→ Requirement
Leave the images out, and copy each of the records below exactly.

→ Exercise input
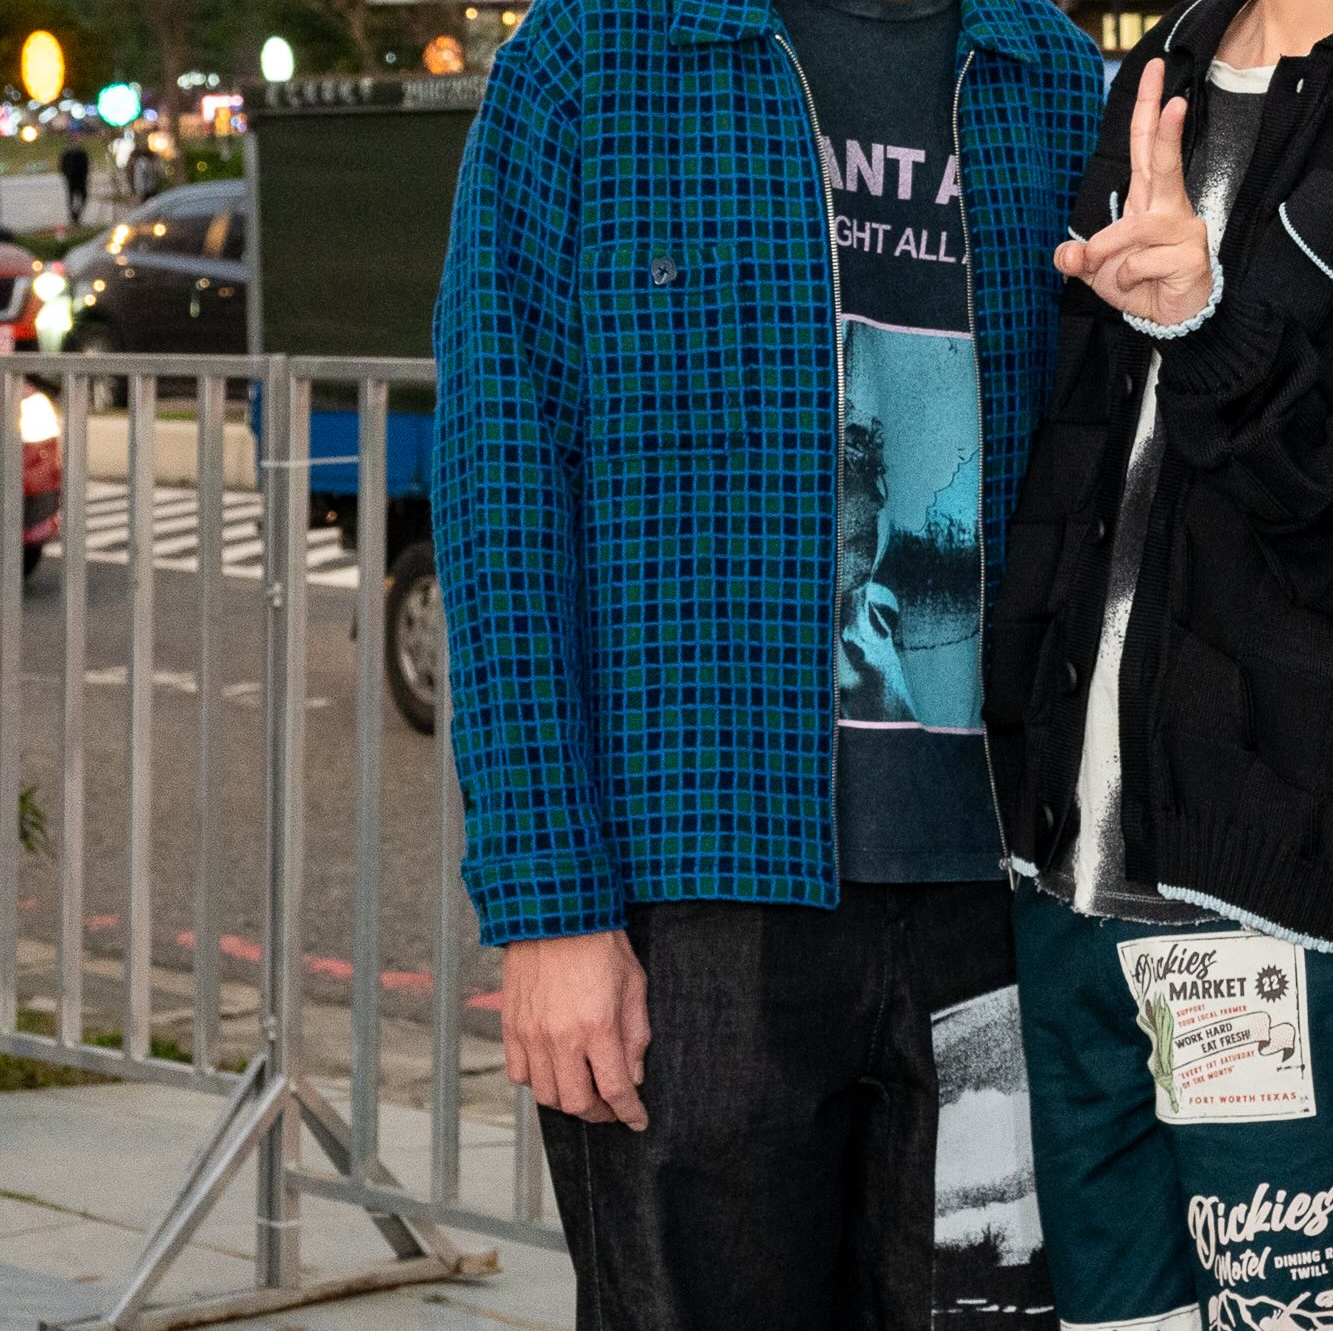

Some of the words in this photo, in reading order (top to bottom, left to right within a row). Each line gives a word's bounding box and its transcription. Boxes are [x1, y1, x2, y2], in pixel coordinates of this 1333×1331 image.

[834, 215, 891, 254] GHT
[894, 227, 957, 263] ALL
[1132, 943, 1218, 1001] Dickies
[1169, 977, 1247, 1001] MARKET
[1176, 1004, 1206, 1018] SUPPORT
[1197, 1010, 1218, 1022] LOCAL
[1220, 1005, 1248, 1016] FARMER
[1175, 1032, 1204, 1049] WORK
[1205, 1022, 1233, 1039] HARD
[1201, 1041, 1220, 1053] EAT
[1221, 1029, 1251, 1048] FRESH!
[1220, 1050, 1256, 1065] SATURDAY
[1193, 1075, 1205, 1085] THE
[1189, 1096, 1215, 1105] FORT
[1219, 1095, 1256, 1104] WORTH
[1260, 1092, 1297, 1102] TEXAS
[1215, 1246, 1272, 1287] Motel
[1274, 1250, 1321, 1269] DINING
[1290, 1263, 1329, 1281] TWILL
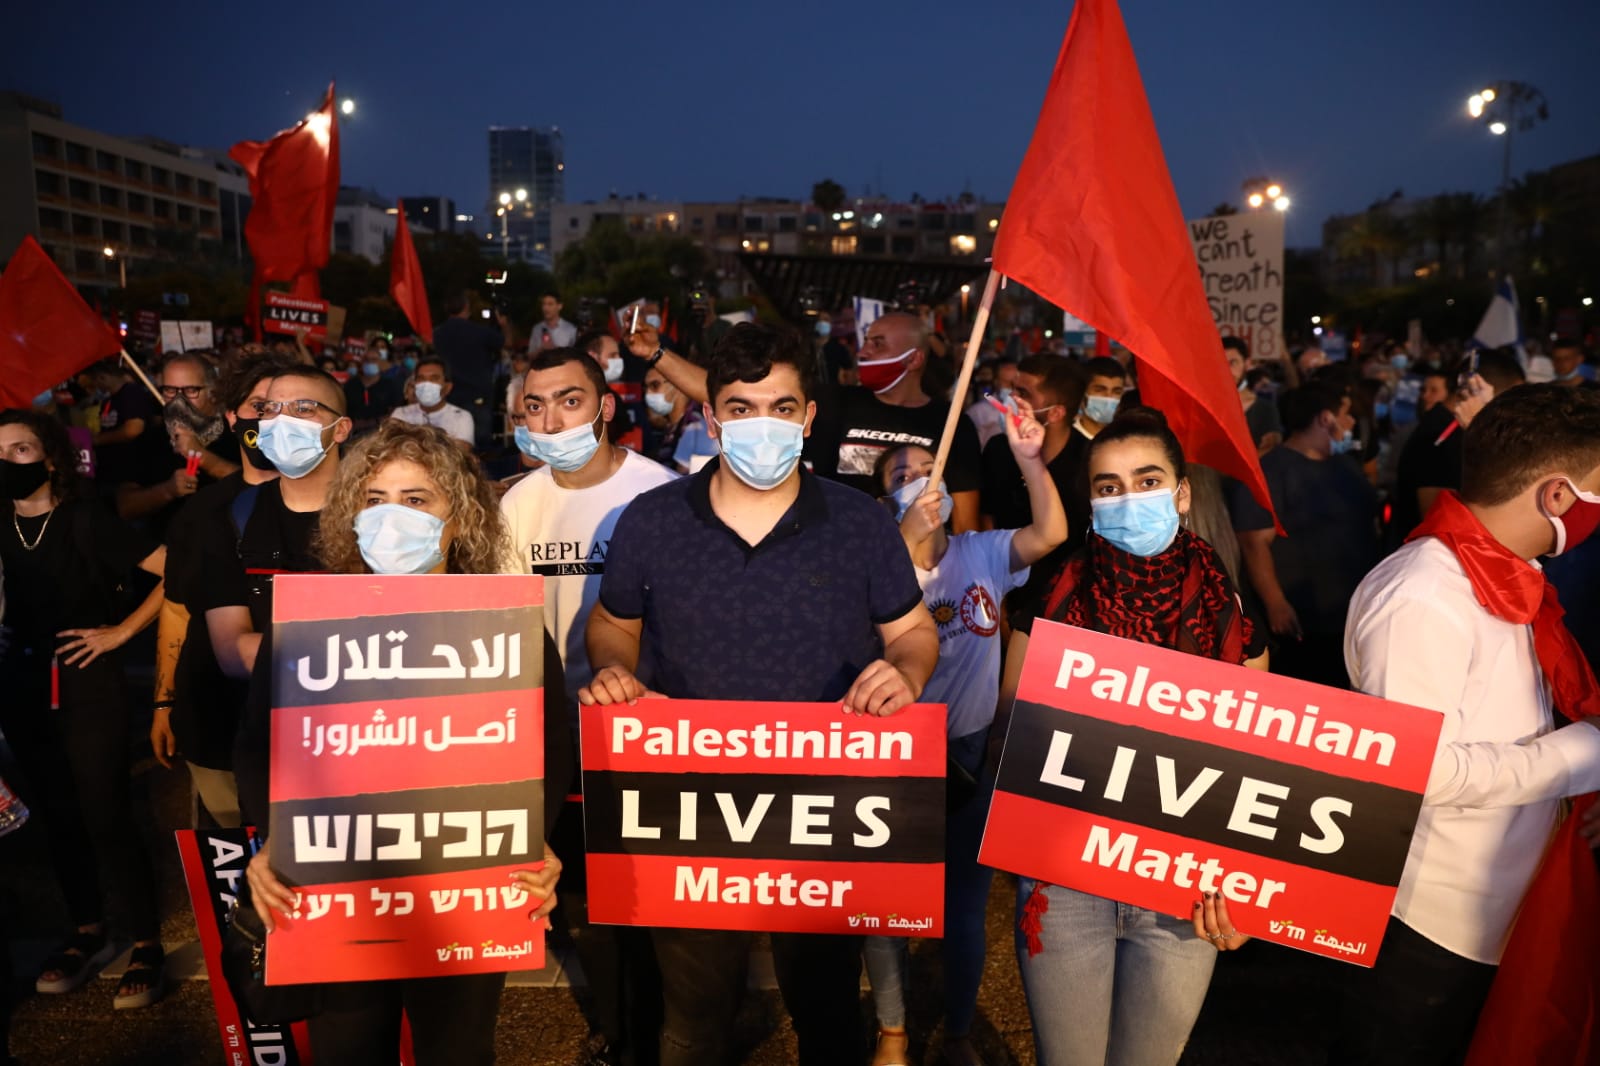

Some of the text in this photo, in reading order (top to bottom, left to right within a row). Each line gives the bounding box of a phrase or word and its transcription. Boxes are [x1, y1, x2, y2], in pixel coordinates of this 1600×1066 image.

[270, 307, 320, 324] LIVES
[271, 296, 324, 310] Palestinian
[846, 428, 933, 447] SKECHERS
[530, 541, 609, 561] REPLA
[556, 563, 594, 575] JEANS
[298, 630, 521, 691] الاحتلال
[1055, 648, 1396, 767] Palestinian
[302, 708, 517, 756] أصل الشرور!
[612, 717, 913, 760] Palestinian
[1039, 729, 1353, 854] LIVES
[293, 809, 528, 863] הכיבוש
[621, 790, 892, 848] LIVES
[674, 866, 853, 907] Matter
[1081, 824, 1287, 909] Matter
[371, 887, 415, 917] כל
[429, 885, 529, 914] שורש
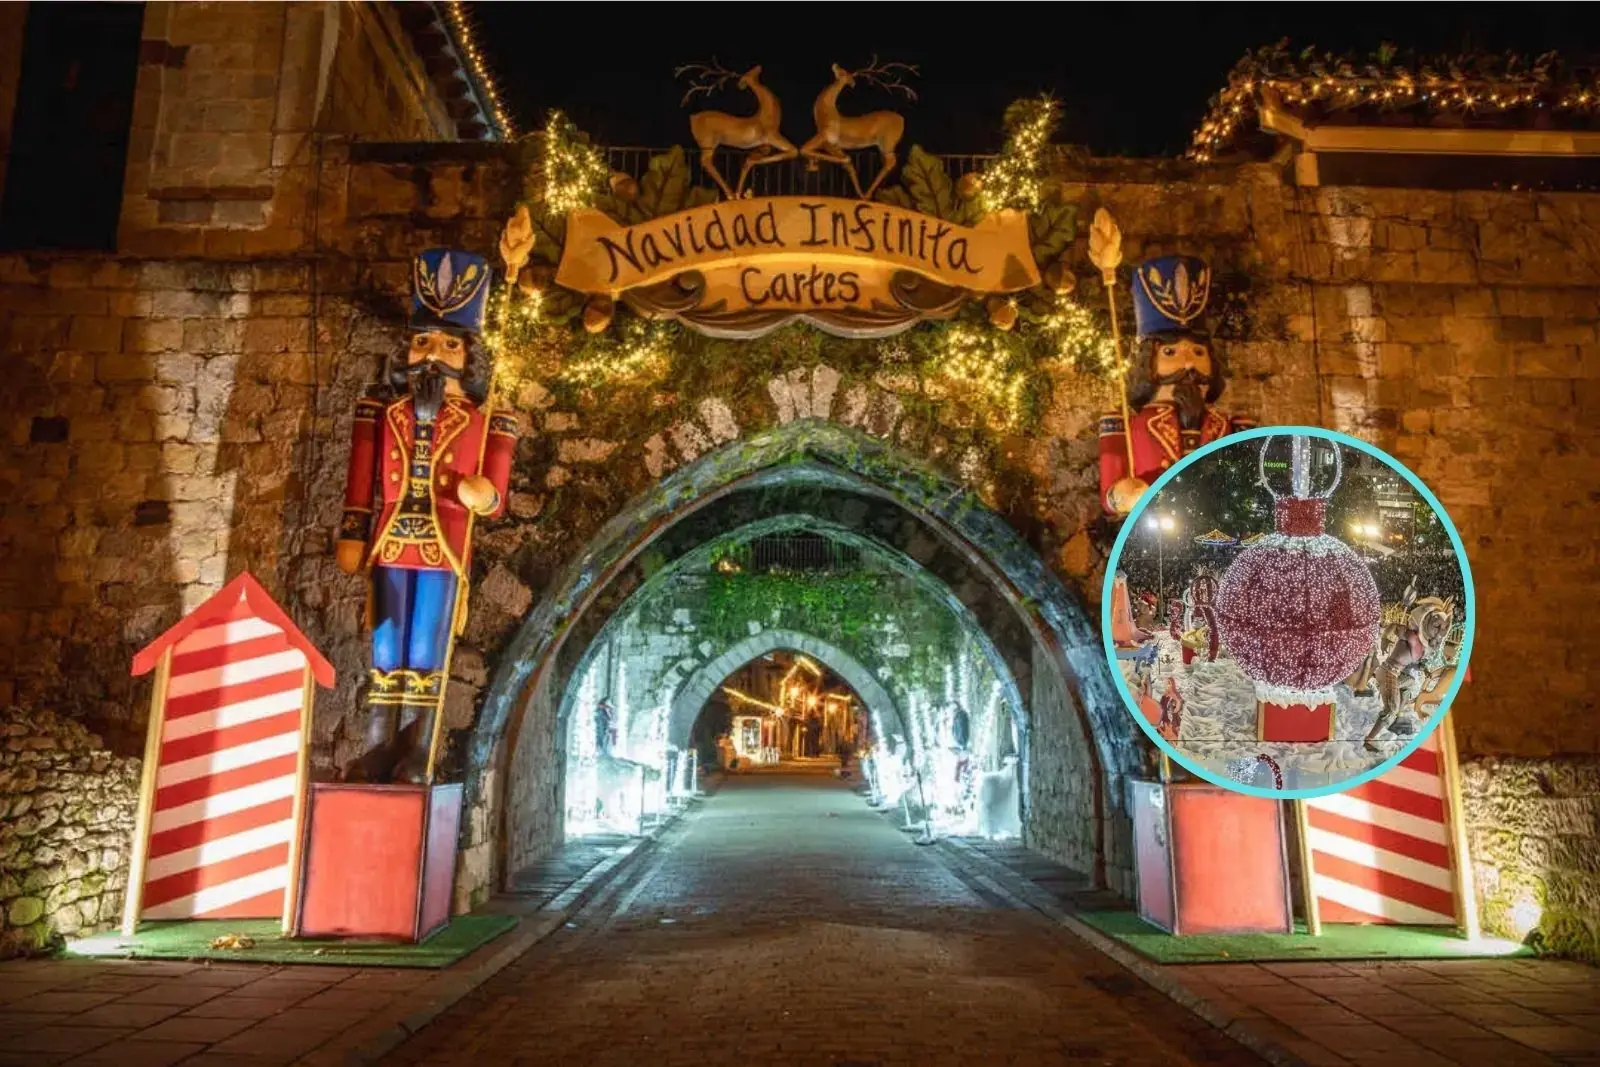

→ Result of the task
Some of the words in this photo, in reading order (top to bottom, left to right within a row). Each line gives a word's bounding box and its transcription. Boxes are [x1, y1, x2, y2], in pixel coordinates of this 1333×1331 image.

[834, 215, 891, 254] GHT
[894, 227, 957, 263] ALL
[1132, 943, 1218, 1001] Dickies
[1169, 977, 1247, 1001] MARKET
[1176, 1004, 1206, 1018] SUPPORT
[1197, 1010, 1218, 1022] LOCAL
[1220, 1005, 1248, 1016] FARMER
[1175, 1032, 1204, 1049] WORK
[1205, 1022, 1233, 1039] HARD
[1201, 1041, 1220, 1053] EAT
[1221, 1029, 1251, 1048] FRESH!
[1220, 1050, 1256, 1065] SATURDAY
[1193, 1075, 1205, 1085] THE
[1189, 1096, 1215, 1105] FORT
[1219, 1095, 1256, 1104] WORTH
[1260, 1092, 1297, 1102] TEXAS
[1215, 1246, 1272, 1287] Motel
[1274, 1250, 1321, 1269] DINING
[1290, 1263, 1329, 1281] TWILL

Some of the text in this photo, in reading order (top to bottom, left to right within a row). Each line gives the bounding box of a phrase or word and its transcription. Boxes are [x1, y1, x2, y2], in pixel coordinates of this 1600×1066 image.

[270, 307, 320, 324] LIVES
[271, 296, 324, 310] Palestinian
[846, 428, 933, 447] SKECHERS
[530, 541, 609, 561] REPLA
[556, 563, 594, 575] JEANS
[298, 630, 521, 691] الاحتلال
[1055, 648, 1396, 767] Palestinian
[302, 708, 517, 756] أصل الشرور!
[612, 717, 913, 760] Palestinian
[1039, 729, 1353, 854] LIVES
[293, 809, 528, 863] הכיבוש
[621, 790, 892, 848] LIVES
[674, 866, 853, 907] Matter
[1081, 824, 1287, 909] Matter
[371, 887, 415, 917] כל
[429, 885, 529, 914] שורש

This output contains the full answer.